Jak zwraca uwagę portal Ukrainska Prawda, sekretarz Rady Bezpieczeństwa Narodowego i Obrony Ukrainy ocenił, że wojska rosyjskie nie są w stanie do 9 maja - jak według nieoficjalnych doniesień zaplanowano na Kremlu - zająć południa Ukrainy i dojść do granicy z nieuznawanym mołdawskim Naddniestrzem.
Sekretarz RBNiO powtórzył również za szefem ukraińskiego wywiadu wojskowego Kyryłem Budanowem, że w Rosji 9 maja może zostać ogłoszona powszechna mobilizacja. 9 maja obchodzony jest w tym kraju Dzień Zwycięstwa nad Niemcami hitlerowskimi w II wojnie światowej.
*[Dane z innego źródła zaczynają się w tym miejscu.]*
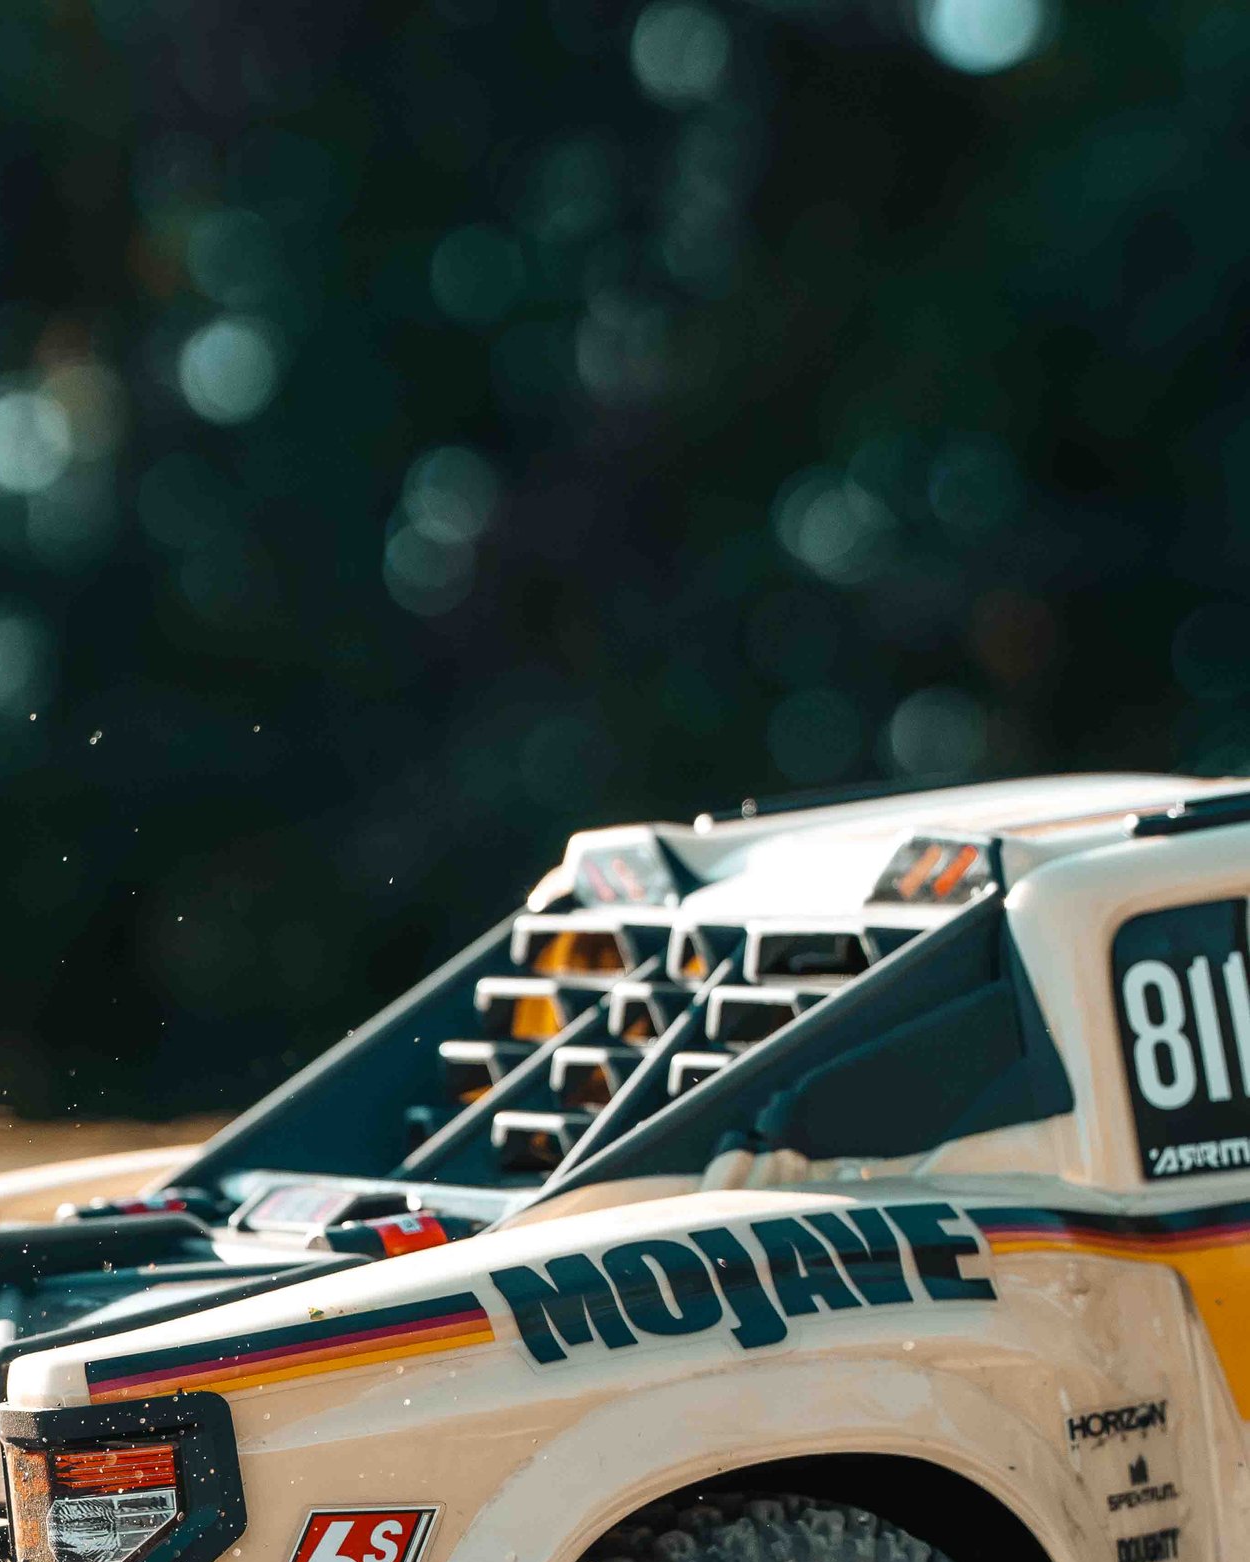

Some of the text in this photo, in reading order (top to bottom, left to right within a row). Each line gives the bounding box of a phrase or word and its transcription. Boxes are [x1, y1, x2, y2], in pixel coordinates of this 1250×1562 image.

[1122, 950, 1250, 1110] 811
[1149, 1136, 1250, 1175] ARRM
[489, 1202, 998, 1364] MOJAVE
Ołeksij Daniłow, jak pisze agencja Interfax-Ukraina, wypowiedział się również krytycznie na temat Węgier, które "otwarcie mówią o swojej współpracy z Rosją". Jego zdaniem Węgry "zostały uprzedzone przez Putina, że będzie napaść na Ukrainę", a także "liczyły na to, że będą mogły zabrać część terytorium".
Zdecydowane słowa sekretarza RBNiO
Już wcześniej Ołeksij Daniłow w wywiadzie dla "Ukrainskiej Prawdy" podkreślał, że "nie wierzy w żadne porozumienie pokojowe Ukrainy z Rosją, ponieważ w przeszłości zawarto już wiele takich traktatów, a Moskwa zawsze łamała dane słowo".
- Dla mnie osobiście zwycięstwo w wojnie z Rosją oznaczałoby możliwość, by wreszcie zbudować Ukrainę na nowo. (...) To nasza historyczna szansa, żeby w końcu tego dokonać. Uważam, że jeśli po zakończeniu konfliktu na Ukrainę powrócą te wszystkie negatywne procesy, które obserwowaliśmy w ciągu minionych trzydziestu lat, to Bóg nam tego nie wybaczy. Kolejnej okazji nie otrzymamy - ocenił.